Un sujet plus agréable occupa ensuite les deux sœurs ; Jane lui parla avec émotion de toutes les attentions de Bingley, Elisabeth ravie de son bonheur, ajouta ce qui pouvoit augmenter ses espérances. Elles furent bientôt abordées par Mr. Bingley lui-même. Alors Elisabeth se retira auprès de son amie Miss Lucas, à laquelle elle avoit mille choses à dire, lorsque Mr. Collins s’approcha d’elle d’un air triomphant.

— J’ai appris, lui dit-il, par un singulier hasard qu’il y avoit dans la salle un très-proche parent de ma protectrice. J’ai entendu ce Monsieur dire lui-même à la jeune dame qui fait les honneurs de cette maison, les noms de sa cousine Miss de Bourg et de sa mère Lady Catherine. Comme les choses arrivent singulièrement ! Qui auroit deviné que je dusse rencontrer dans cette assemblée… Qui ? un neveu de Lady Catherine de Bourg ! Je suis bien heureux d’avoir fait cette découverte assez à temps pour pouvoir lui présenter mes hommages ; ce que je vais faire tout de suite. J’espère qu’il me pardonnera de ne l’avoir pas fait plutôt ; l’entière ignorance où j’étois de cette parenté, plaidera ma cause.

— Vous n’irez pas vous présenter vous-même à Mr. Darcy.

— Oui bien, en vérité ; et j’implorerai son indulgence pour ne l’avoir pas fait en entrant dans la chambre. Comme il est neveu de Lady Catherine, je pourrai l’assurer que sa seigneurie se portoit bien lorsque je l’ai quittée.

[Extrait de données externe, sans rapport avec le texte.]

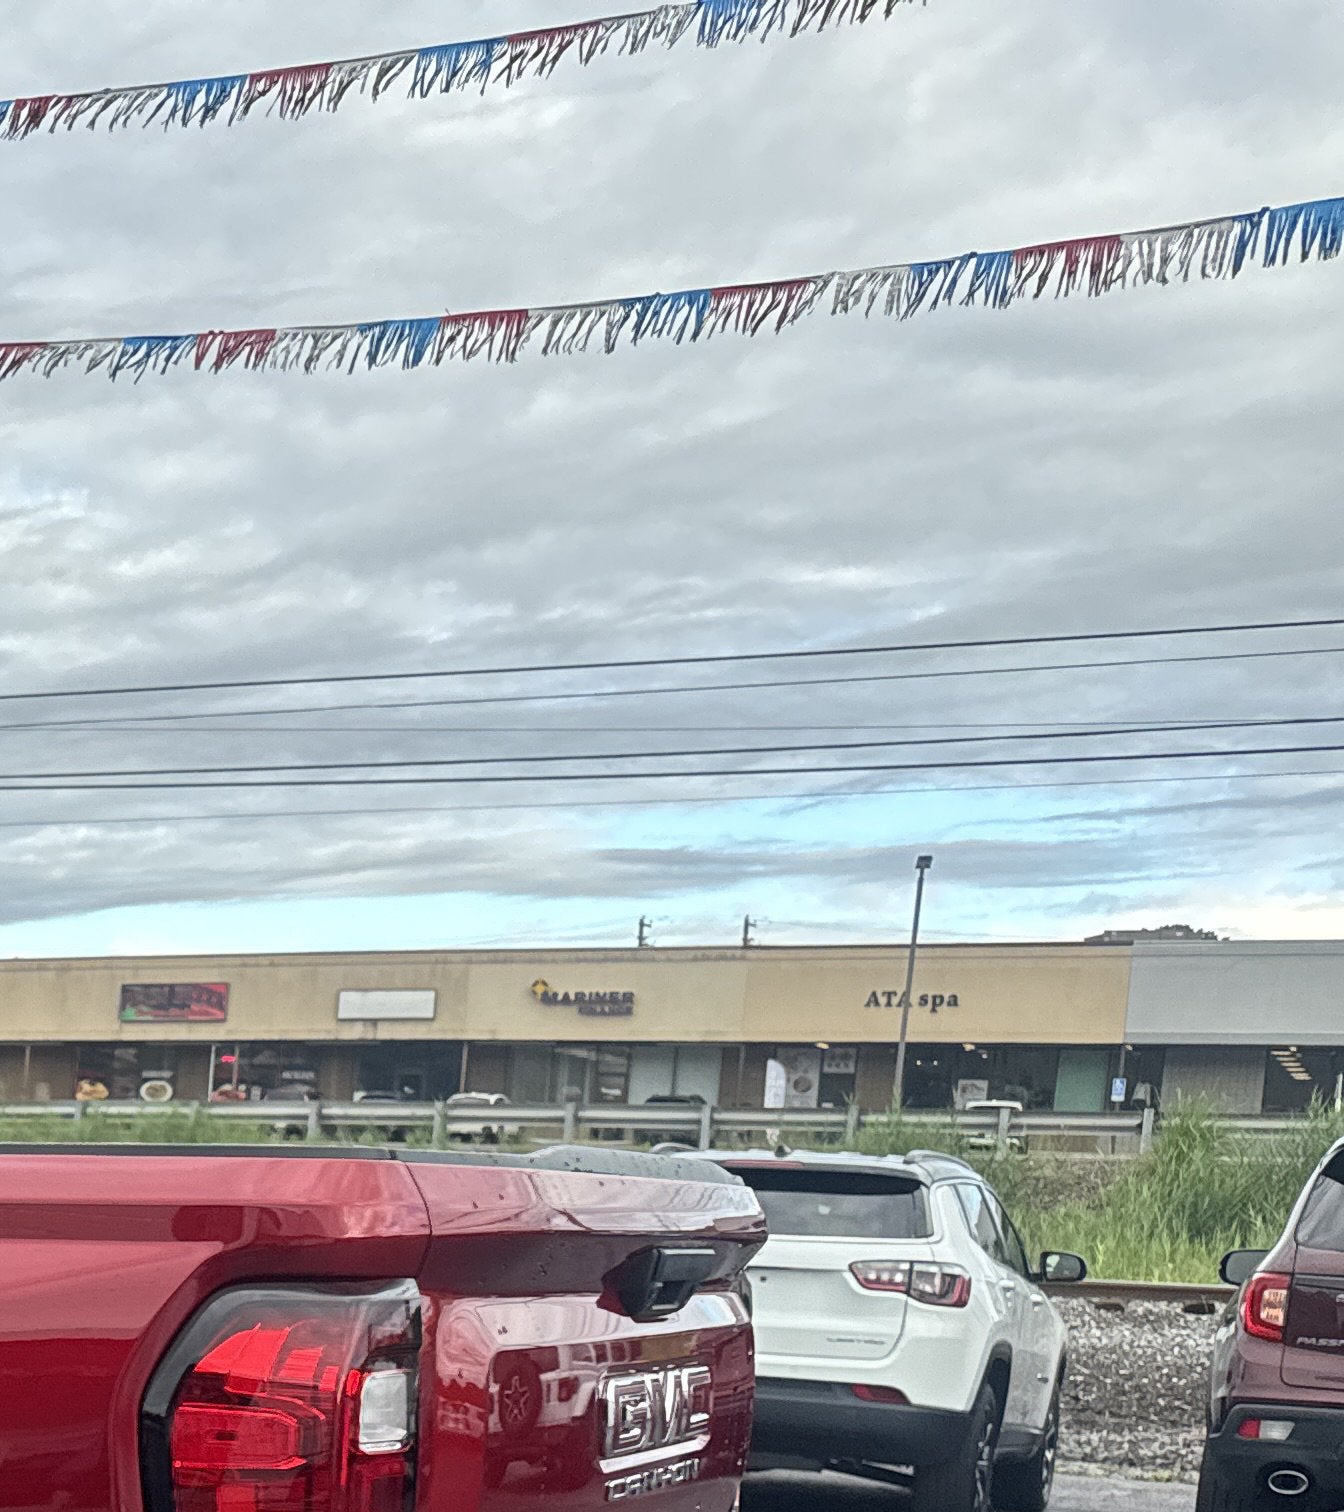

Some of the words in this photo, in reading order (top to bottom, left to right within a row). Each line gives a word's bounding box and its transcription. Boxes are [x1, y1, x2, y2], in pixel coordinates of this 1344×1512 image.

Elisabeth s’efforça de le dissuader de ce projet, l’assurant que Mr. Darcy pourroit prouver cette manière de se présenter lui-même, sans introducteur, peu respectueuse pour le nom de sa tante ; qu’il n’y avoit pas la moindre nécessité à faire sa connoissance, et que s’il y en avoit, c’étoit à Mr. Darcy, comme supérieur, à faire attention à lui. Mr. Collins l’écoutoit avec l’air décidé à suivre ses propres idées, et lorsqu’elle eut fini, il lui répondit :

— Ma chère Miss Elisabeth, j’ai la plus haute opinion de l’excellence de votre jugement, dans toutes les choses qui sont à portée de votre esprit. Mais, permettez moi de vous dire qu’il doit y avoir une énorme différence, dans les formes du cérémonial des laïques et de celui des gens d’église. Permettez-moi aussi de vous observer que je considère l’ordre ecclésiastique comme égal en dignité au rang le plus élevé du royaume ; pourvu qu’il conserve cependant dans toute sa conduite, l’humilité convenable. Par conséquent, vous ne serez pas fâchée, si dans cette occasion je suis l’impulsion de ma conscience, qui me conduit à faire ce que je considère comme un devoir. Pardonnez-moi donc de ne pas céder à vos conseils qui, sur tout autre sujet, seront mes guides constants, quoique dans le cas présent, je me crois par l’éducation et l’habitude de l’étude, bien plus en état de juger ce qui est convenable, qu’une jeune personne comme vous. Et il la quitta, avec une profonde révérence, pour aller aborder Mr. Darcy, dont l’étonnement fut évident à cette attaque inopinée. Mr. Collins fit précéder son discours d’introduction d’un salut solennel, et quoiqu’Elisabeth qui les observoit de loin, ne pût entendre ses paroles, elle les devinoit toutes ; les mots d’apologie de Hunsford, de Lady Catherine, etc., revenoient souvent ; elle étoit fâchée de le voir découvrir ses ridicules devant un tel homme. Mr. Darcy le regardoit d’un air étonné, et lorsque enfin Mr. Collins lui laissa le tems de parler, il lui répondit avec une réserve dédaigneuse. Mr. Collins ne se laissa point déconcerter, il reprit la parole, et le dédain de Mr. Darcy parut augmenter beaucoup pendant le second discours, à la fin duquel il fit un léger salut, et s’en alla d’un autre côté. Mr. Collins revint alors vers Elisabeth.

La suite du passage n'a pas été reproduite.